Among new movies from Yukisada Isao and Kurosawa Kiyoshi as well as Pink Film retrospectives by masters such as Soda Kazuhiro and Suo Masaki, two independent filmmakers in their twenties made their international debut at this year’s Berlin International Film Festival’s Forum Section.

Kiyohara Yui’s (pictured left) Our House, a Tokyo University of the Arts Graduate School production, is a bold narrative attempting to tell two separate stories in tandem, but occurring in the same place and somehow perceived by the characters involved.

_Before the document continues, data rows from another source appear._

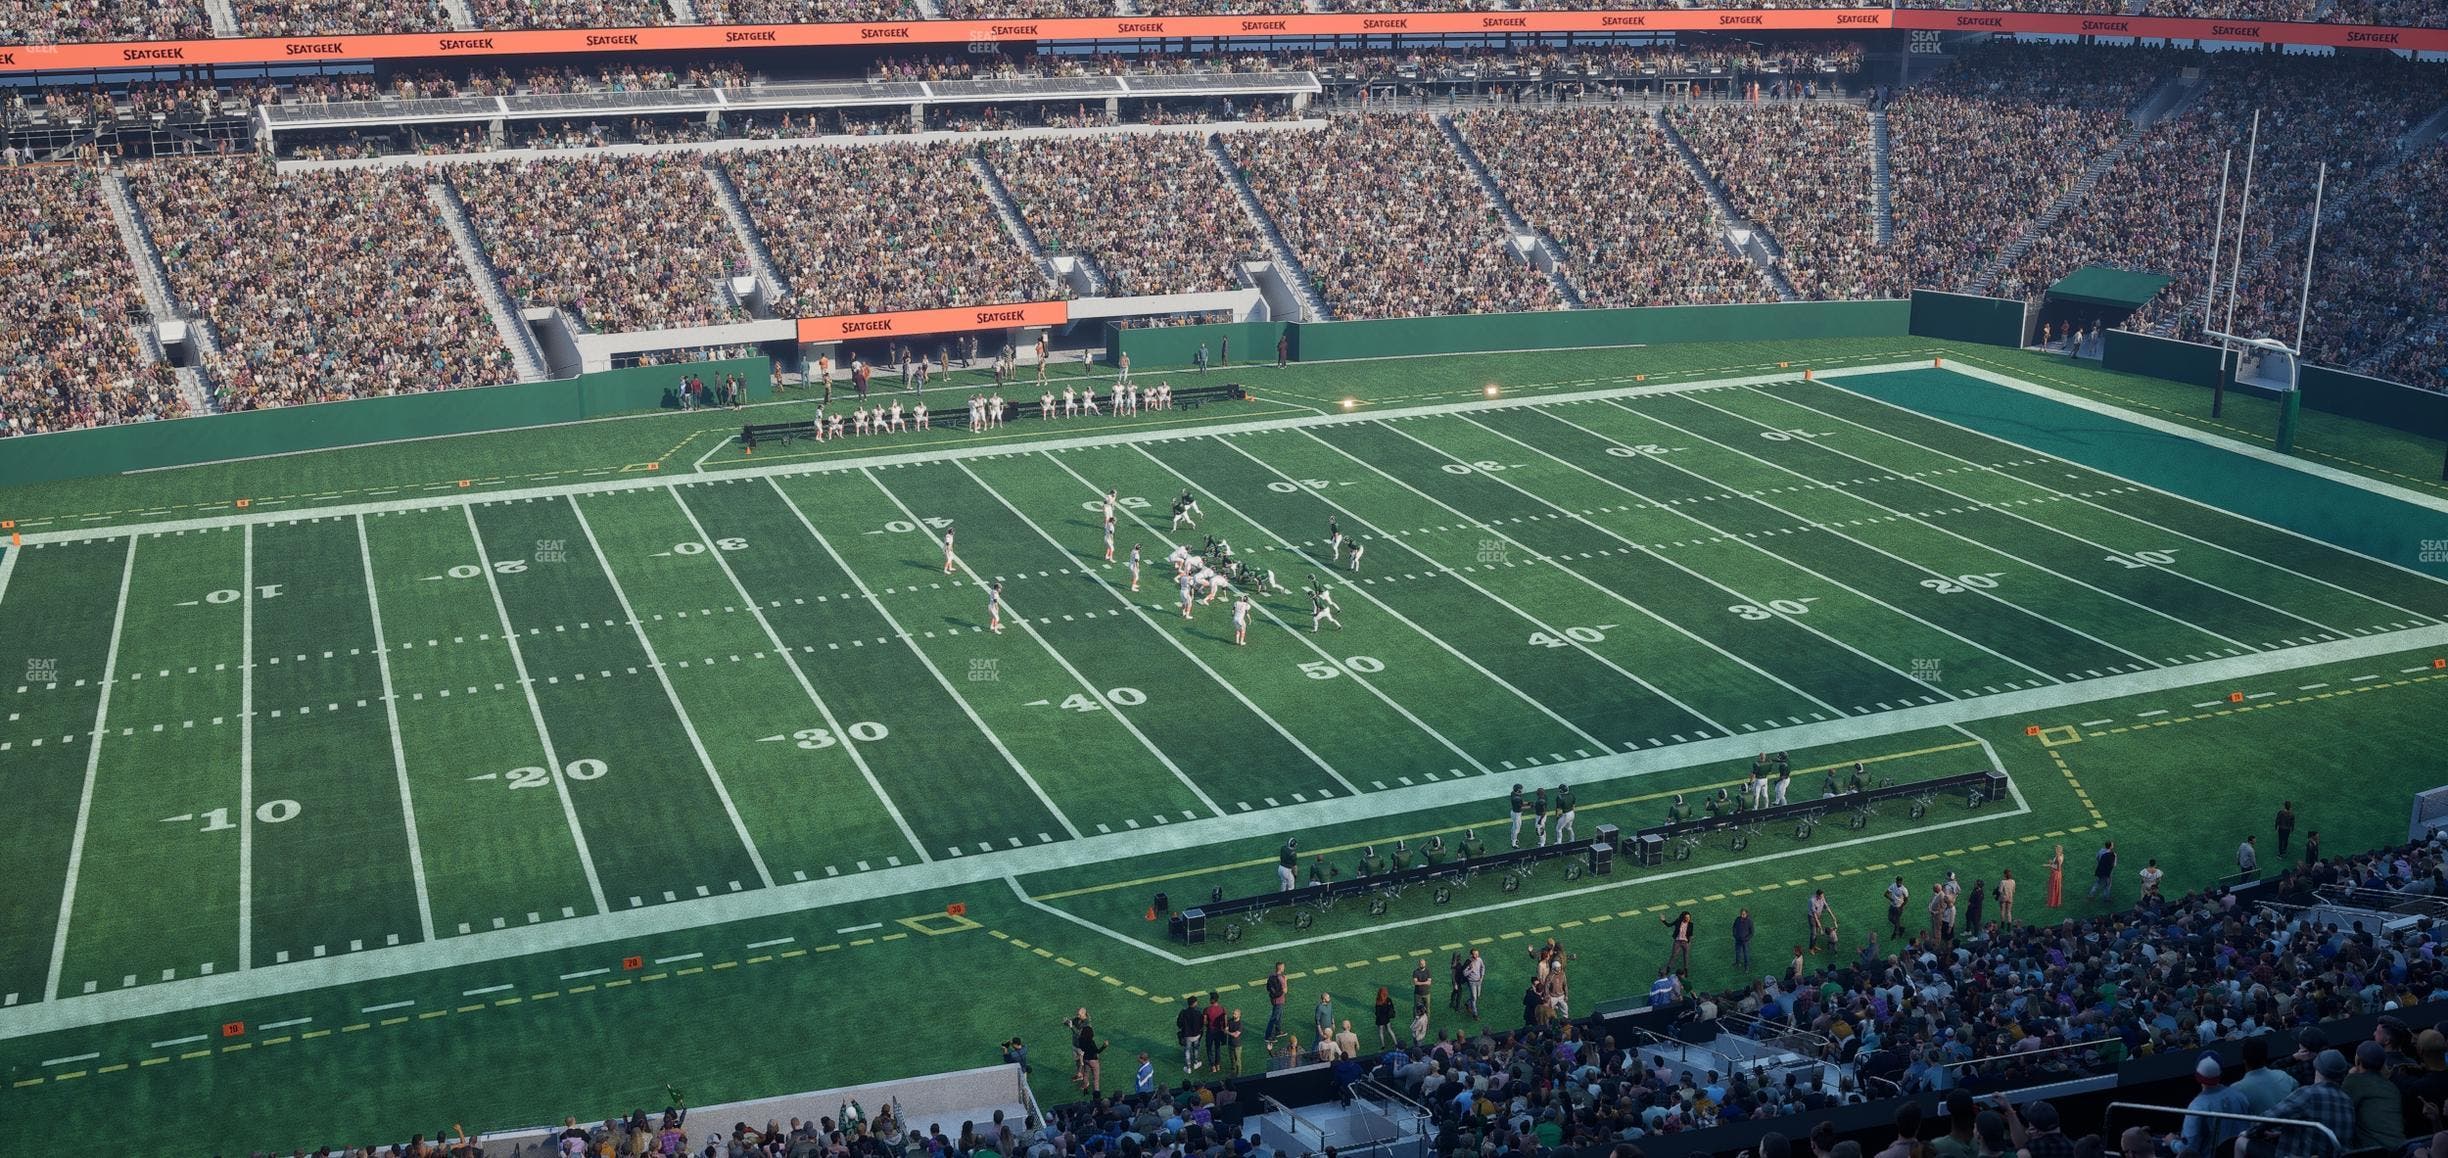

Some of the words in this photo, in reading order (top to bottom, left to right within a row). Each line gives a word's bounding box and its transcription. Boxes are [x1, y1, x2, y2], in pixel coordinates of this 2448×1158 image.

[1242, 20, 1286, 31] SEATGEEK
[1363, 19, 1407, 29] SEATGEEK
[1483, 17, 1526, 28] SEATGEEK
[1602, 16, 1645, 26] SEATGEEK
[1719, 15, 1763, 25] SEATGEEK
[1837, 14, 1879, 24] SEATGEEK
[1957, 16, 2003, 28] SEATGEEK
[991, 25, 1038, 36] SEATGEEK
[1118, 22, 1164, 33] SEATGEEK
[2081, 20, 2129, 32] SEATGEEK
[2211, 25, 2260, 38] SEATGEEK
[586, 34, 638, 46] SEATGEEK
[726, 30, 776, 42] SEATGEEK
[861, 28, 909, 39] SEATGEEK
[2347, 31, 2399, 44] SEATGEEK
[285, 42, 344, 56] SEATGEEK
[439, 38, 494, 51] SEATGEEK
[123, 47, 184, 61] SEATGEEK
[976, 309, 1025, 324] SEATGEEK
[841, 319, 892, 334] SEATGEEK
[1760, 429, 1818, 441] 10
[1605, 444, 1669, 457] 20
[1441, 460, 1507, 475] 30
[1267, 479, 1330, 493] 40
[884, 517, 954, 533] 40
[673, 537, 749, 555] 30
[2103, 551, 2175, 569] 10
[447, 559, 528, 578] 20
[1920, 574, 1999, 594] 20
[205, 584, 283, 604] 10
[1728, 599, 1809, 620] 30
[1528, 626, 1605, 648] 40
[1297, 655, 1385, 680] 50
[1060, 687, 1147, 712] 40
[792, 721, 889, 749] 30
[504, 758, 608, 790] 20
[200, 799, 302, 832] 10
[228, 1024, 239, 1034] 10

It is a visual interpretation of the compositional structure found in Bach’s fugues from which Kiyohara drew inspiration.

Yamanaka Yoko’s (pictured right) Amiko is a breezy, 66 minute profile of a young teen embodying a non-conformist, “anti-bourgeois” attitude permeating the movie itself, engendering comparisons to the rebellious spirit of the “Hachiri” movement of 1980s Japanese cinema. Forum Section head, Christoph Terhechte, has even said of Yamanaka: “[…] Yoko Yamanaka is the youngest director in the entire festival. I really hope that she makes more films because she clearly has a huge imagination and possesses a type of cheekiness and nonconformity that has become very rare.” (source)

Both these young women are just starting their careers. With luck–but mostly support from both the indie filmmaking community and audiences around the world–they’ll continue to make as interesting, bold, and idiosyncratic movies as their debuts.